Gempa Bumi Lombok, Pertanda Allah Sayang Sama Kita
Sepekan sudah Lombok ditimpa musibah gempa bumi yang memakan
korban jiwa serta harta dan bangunan. Ratusan orang meninggal dunia dan
luka-luka, sekolah diliburkan, fasilitas listrik dan air terhambat. Sepekan
sudah, Lombok menjadi trending topic worldwide dan menjadi sorotan dunia.
Berbagai macam bantuan mengalir tanpa henti. Posko-posko pengungsian berdiri
dimana-mana. Suara ambulan dan helikopter terdengar 24 jam. Lantunan ayat suci
Al-quran terdengar silih berganti. Kami terpuruk, menangis, kehilangan.
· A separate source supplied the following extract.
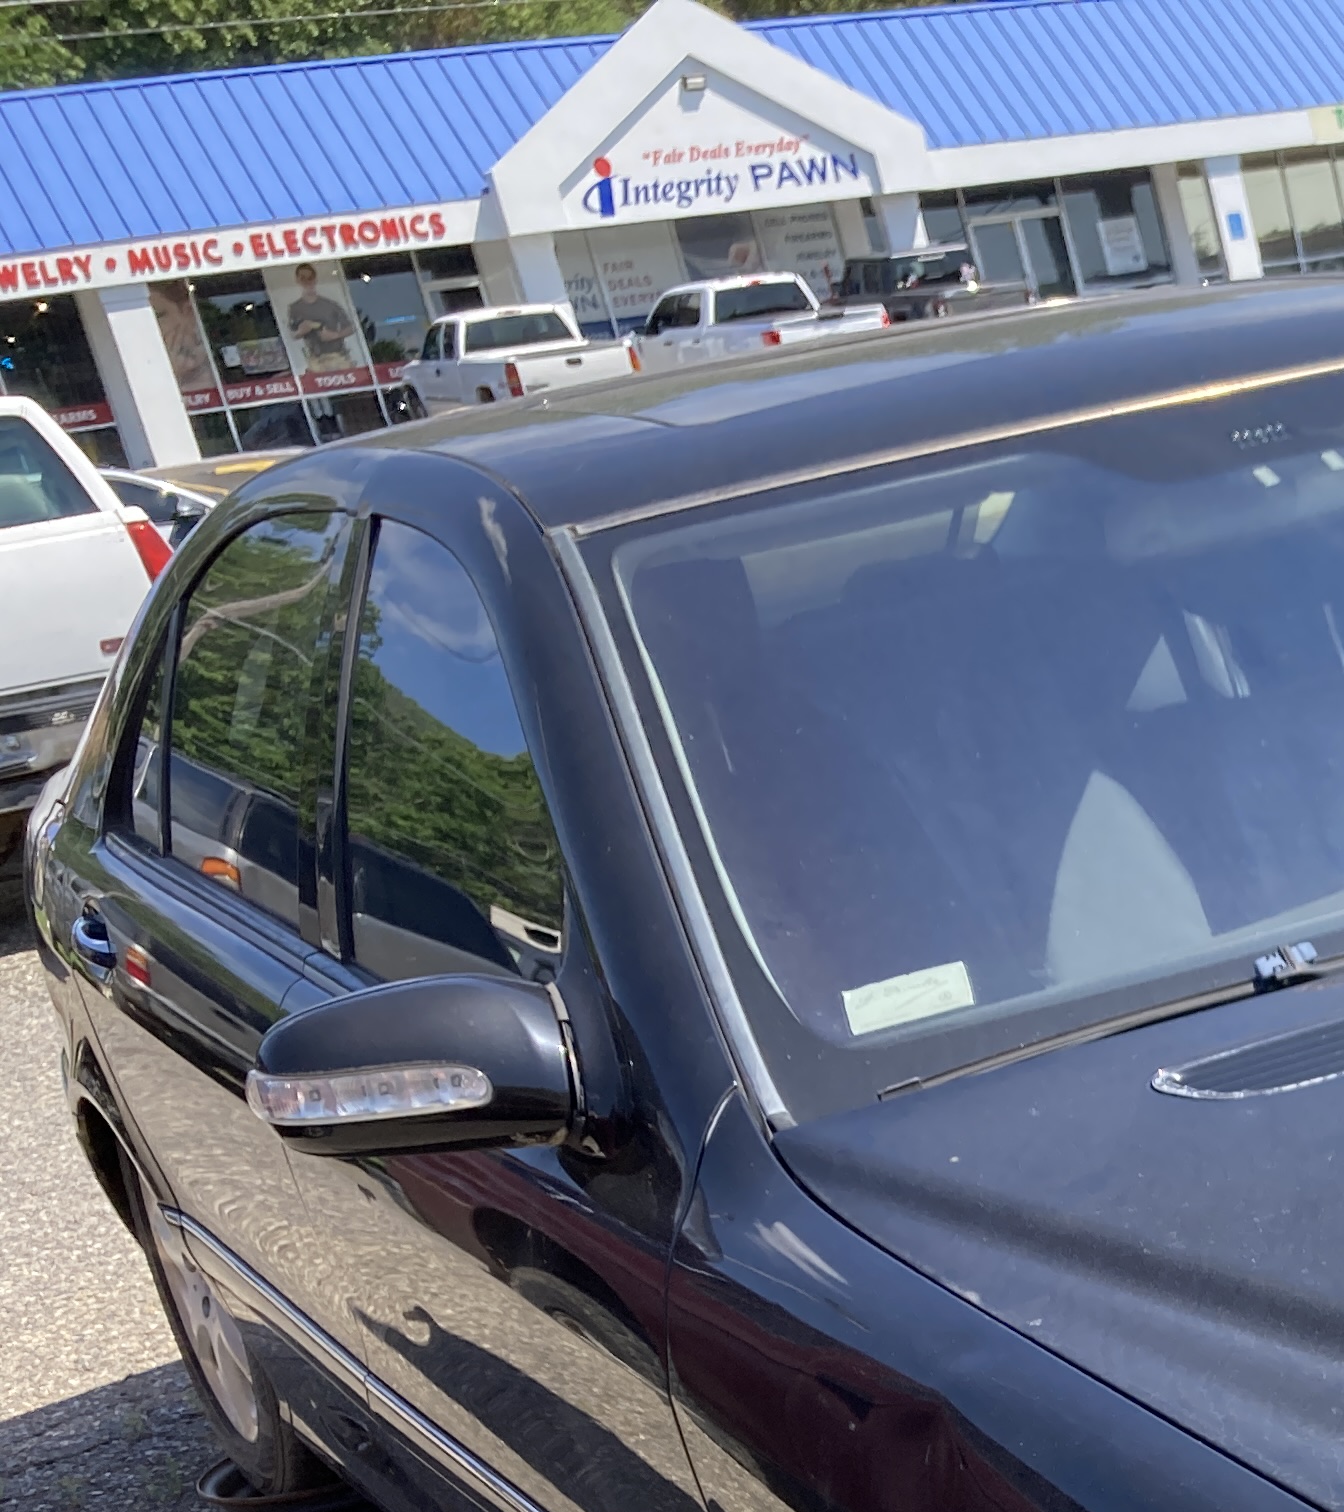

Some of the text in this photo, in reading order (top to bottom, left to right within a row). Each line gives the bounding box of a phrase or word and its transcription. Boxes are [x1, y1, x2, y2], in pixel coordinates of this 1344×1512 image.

5 Agustus, 2018 kemarin menjadi hari yang mencekam bagi kami di
sini. Malam itu, saya sedang berada di halaman PKM Kampus Universitas Mataram,
tepat saat kami kembali diguncang dengan gempa berkekuatan lebih besar dari
minggu yang lalu, 7,0 SR. Kami keluar berhamburan. Gempa yang cukup lama dengan
kekuatan yang begitu besarnya membuat kami lompat dari posisi awal sembari
mengucap istigfar dan takbir. Di saat gempa masih terasa, di sudut lain kampus
terdengar suara gemuruh seperti runtuhan bangunan. Seseorang lalu berteriak,
gedung kampus FKIP roboh. Lampu ikut padam, suasana gelap dan mencekam.
Kami semakin panik, gempa susulan datang diikuti dengan info
berpotensi tsunami. Astagfirullah, kami beristigfar, saya bersama dengan
mahasiswa unram lainnya sibuk menghubungi keluarga di rumah. Saya kepikiran
dengan ibu dan kedua adik saya di Ampenan, yang merupakan daerah dekat pantai.
Dengan info berpotensi Tsunami yang menghebohkan kami, saya beranjak ingin
segera pulang untuk menemui keluarga. Namun, mereka menghubungi dan menyuruh
saya untuk tetap diam disana, karena mereka juga akan segera pergi mengungsi
dengan tetangga.
Jalanan malam itu berubah menjadi lautan manusia dan kendaraan.
Semua menuju arah timur dan ingin segera pergi menuju tempat yang lebih tinggi.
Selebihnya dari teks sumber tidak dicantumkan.